Problem requirements: Could you set down every entry exactly as it stands, without the images?

Information supplied:
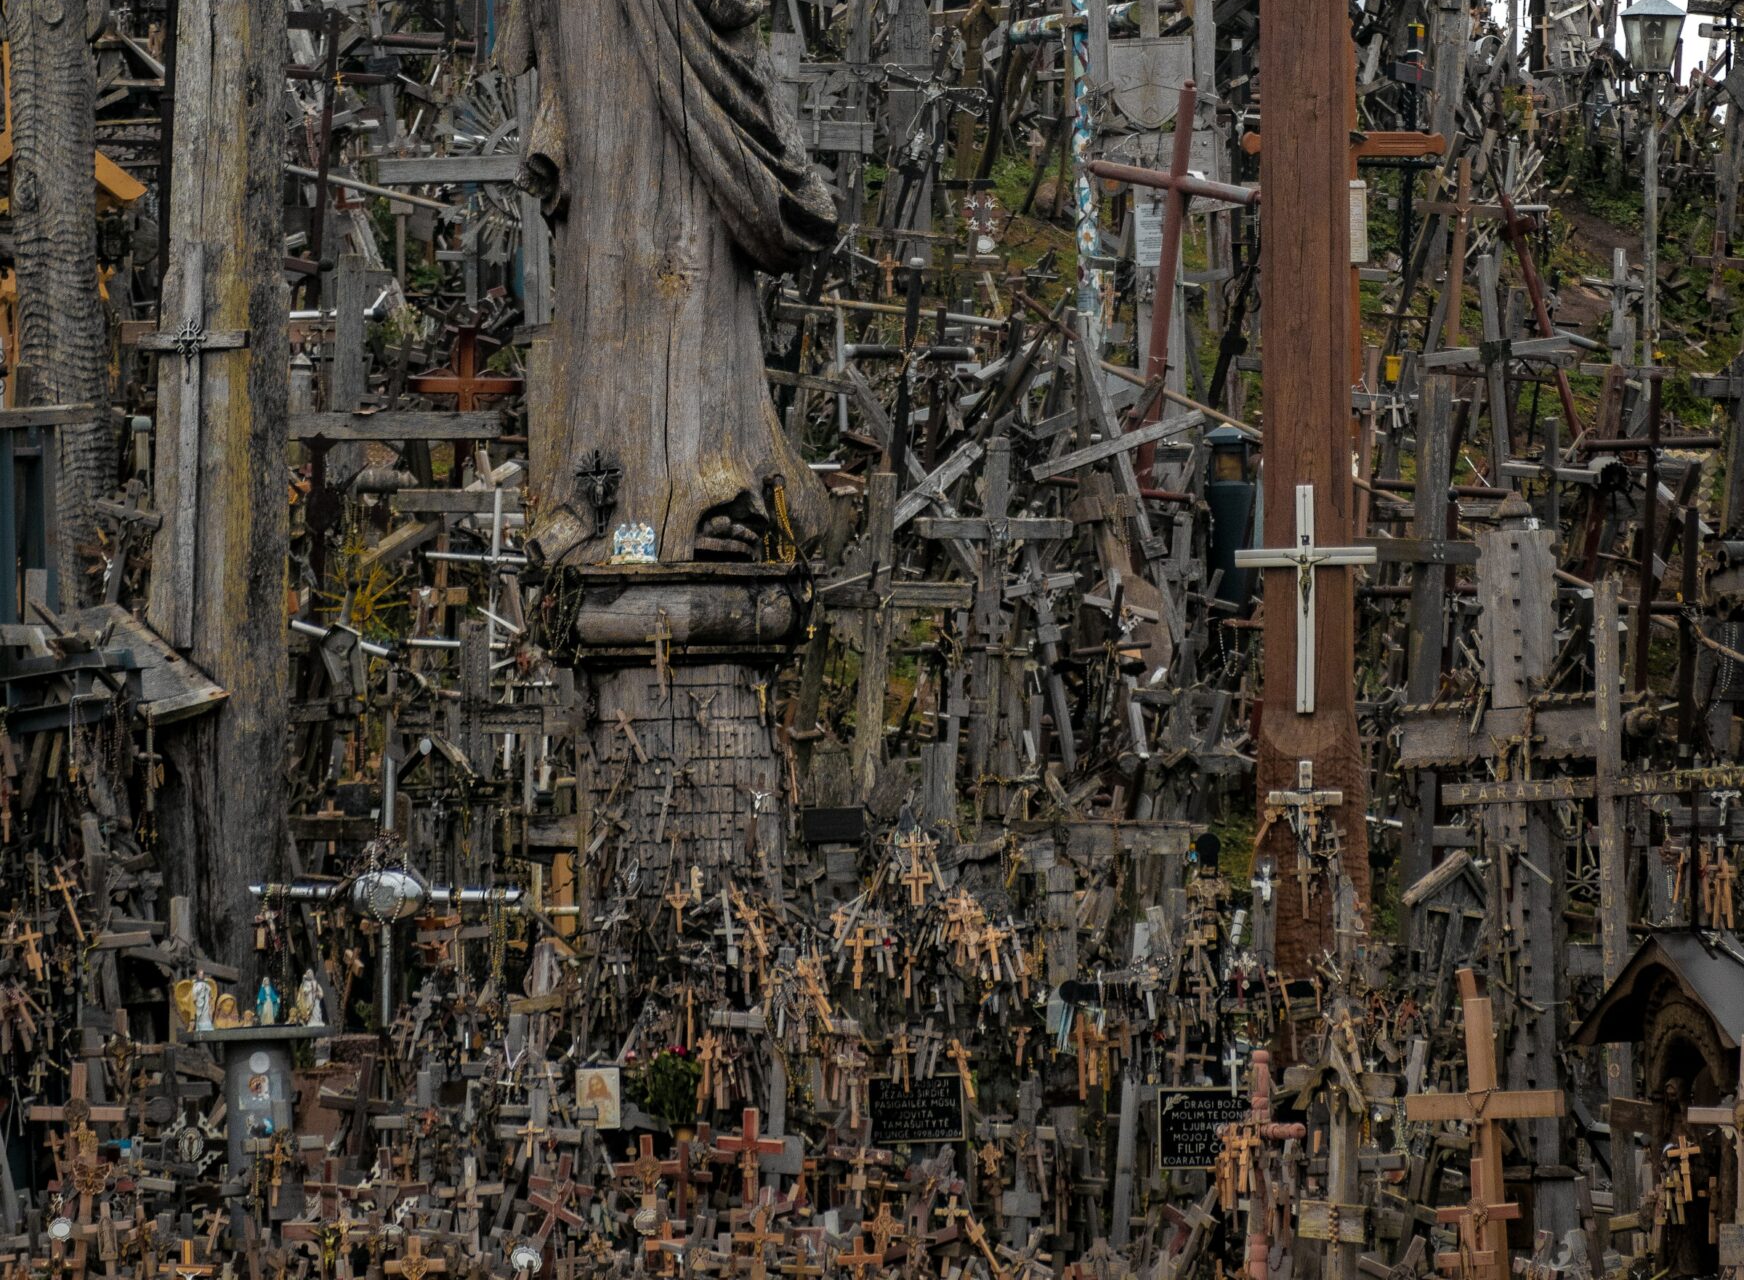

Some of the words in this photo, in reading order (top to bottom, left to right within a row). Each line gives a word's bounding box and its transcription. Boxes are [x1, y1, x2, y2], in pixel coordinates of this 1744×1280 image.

[1460, 781, 1575, 800] PARAFIA
[1184, 1100, 1214, 1110] DRAGI
[1217, 1099, 1242, 1110] BOŽE
[899, 1110, 934, 1120] JOVITA
[1171, 1111, 1205, 1120] MOLIM
[1207, 1110, 1219, 1120] TE
[1221, 1110, 1243, 1120] DON
[1173, 1133, 1208, 1142] MOJOJ
[1178, 1143, 1205, 1154] FILIP
[1209, 1142, 1226, 1154] ČO
[1163, 1155, 1212, 1166] KOARATIA

Task output:
Some of the words in this photo, in reading order (top to bottom, left to right within a row). Each line gives a word's bounding box and its transcription. Boxes are [x1, y1, x2, y2], in pixel coordinates of this 1744×1280 image.

[1460, 781, 1575, 800] PARAFIA
[1184, 1100, 1214, 1110] DRAGI
[1217, 1099, 1242, 1110] BOŽE
[899, 1110, 934, 1120] JOVITA
[1171, 1111, 1205, 1120] MOLIM
[1207, 1110, 1219, 1120] TE
[1221, 1110, 1243, 1120] DON
[1173, 1133, 1208, 1142] MOJOJ
[1178, 1143, 1205, 1154] FILIP
[1209, 1142, 1226, 1154] ČO
[1163, 1155, 1212, 1166] KOARATIA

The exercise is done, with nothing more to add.